I was in a super good mood earlier. At work, one of the lawyers specifically requested me for a project she needed done! It was really cool. And my boss was impressed that I know so much about Word and was able to make a cheat-sheet on using the comments feature for the articling students to use.
It was a great day. Until about 8:00 p.m.
Then, I got a headache, brought on by a fit of uncontrollable crying. Typing while crying is not so easy. My mom called, which made me cry more because even tho she drives me crazy, shes my mom and I haven't seen her since November and I miss having her to talk to. She asked me about my dad, whom I haven't talked to since last week when he called to yell at me because I still have a few boxes of stuff at his house (and he was upset that my sister came to get her bed, which he had been using.)
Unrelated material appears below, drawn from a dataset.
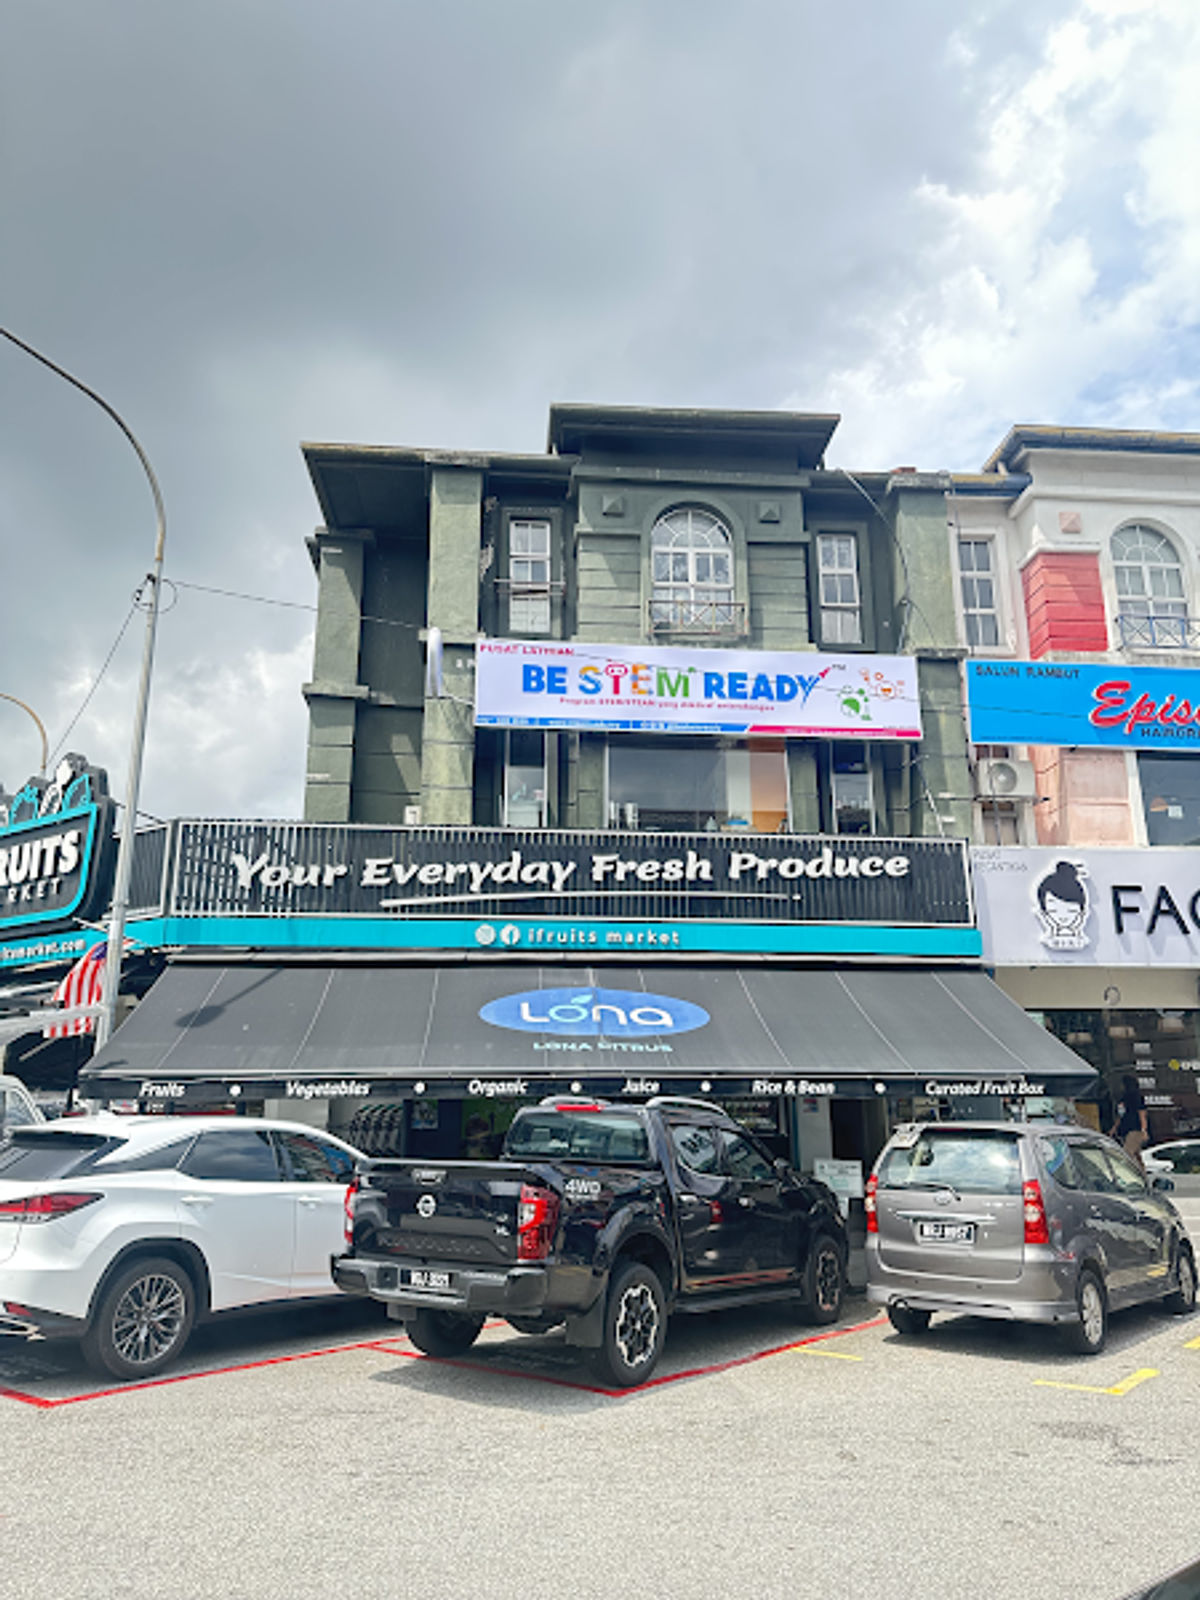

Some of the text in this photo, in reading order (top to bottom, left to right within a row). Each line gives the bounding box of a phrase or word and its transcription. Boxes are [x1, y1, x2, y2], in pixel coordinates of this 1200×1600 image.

I hadn't heard from Army Guy until yesterday. We were supposed to get together on Saturday, and when I talked to him last Wednesday it was still on, then... nothing. I text messaged him Saturday, then again Sunday, and he didn't reply. I called him last night, and we talked for a minute... He's going to his brothers in Brampton for the weekend, then with his other brother to the Pride parade on Sunday. He said he'll call me when he got home if it wasn't late... which means he won't call me. When we first got together, he'd call me on a weekday and invite me over for a few hours. We'd talk on msn all the time. Now, I'm lucky if we meet once a month and talk once a week. I like him. But I've had this happen before with Stupid Lawney and I hate the pattern thats starting. It makes me sad, because he makes me feel so beautiful...
Then theres the money issue. Or this month, the lack thereof. The old job promised to pay me for my two weeks notice period, which they asked me not to come in for. They lied. And, the pay cheque I got May 23rd from them when I left was only $800, when I was expecting more like $1300. So of that, $700 went to rent, $30 for my phone, then food and my weekly metropass... A friend was nice enough to lend me some money a couple weeks ago, but now... I have a total of $15 left. Even that is only because I took back some medication I hadn't opened yet. I need $30 for Monday to get my metropass for the week. And I'm nearly out of food; I can make it last until Saturday, then who knows. I don't get paid from the new firm until the 28th... which is still more than a week away. I hate money. Hate! But, I need it so much. I considered some very... rash things a couple weeks ago when faced with a month of none of it. I would have gone though with it too, but the person I was to meet cancelled at the last minute. Of course. I'd sell something, but I really don't have anything of value. Sigh.
My psorasis is making me super self-concious lately. Its on my face now. My face! And there are several patches on my breasts, which is just horrible. Thats what the medication was for. Sigh, again. Its hard to feel sexy naked when there are huge red flakey patches on you. Its brought on by stress - oh great. And, its incurable, just treatable.
On the subject of stupid medical conditions... I've been fainting alot. Caleigh checked my blood pressure over the weekend, and it was 100/60, which is low. I hope its not a sign of what it was last time... Last time this started happening was when I was back in Winnipeg and woke up in the hospital with the doctors wanting to open me up. Not cool. I'd been bleeding then tho, and I haven't been bleeding any more than usual lately, so hopefully that's ok.
I try to keep so much inside because I hate to burden my friends with my troubles... I'm sorry. I just needed to vent.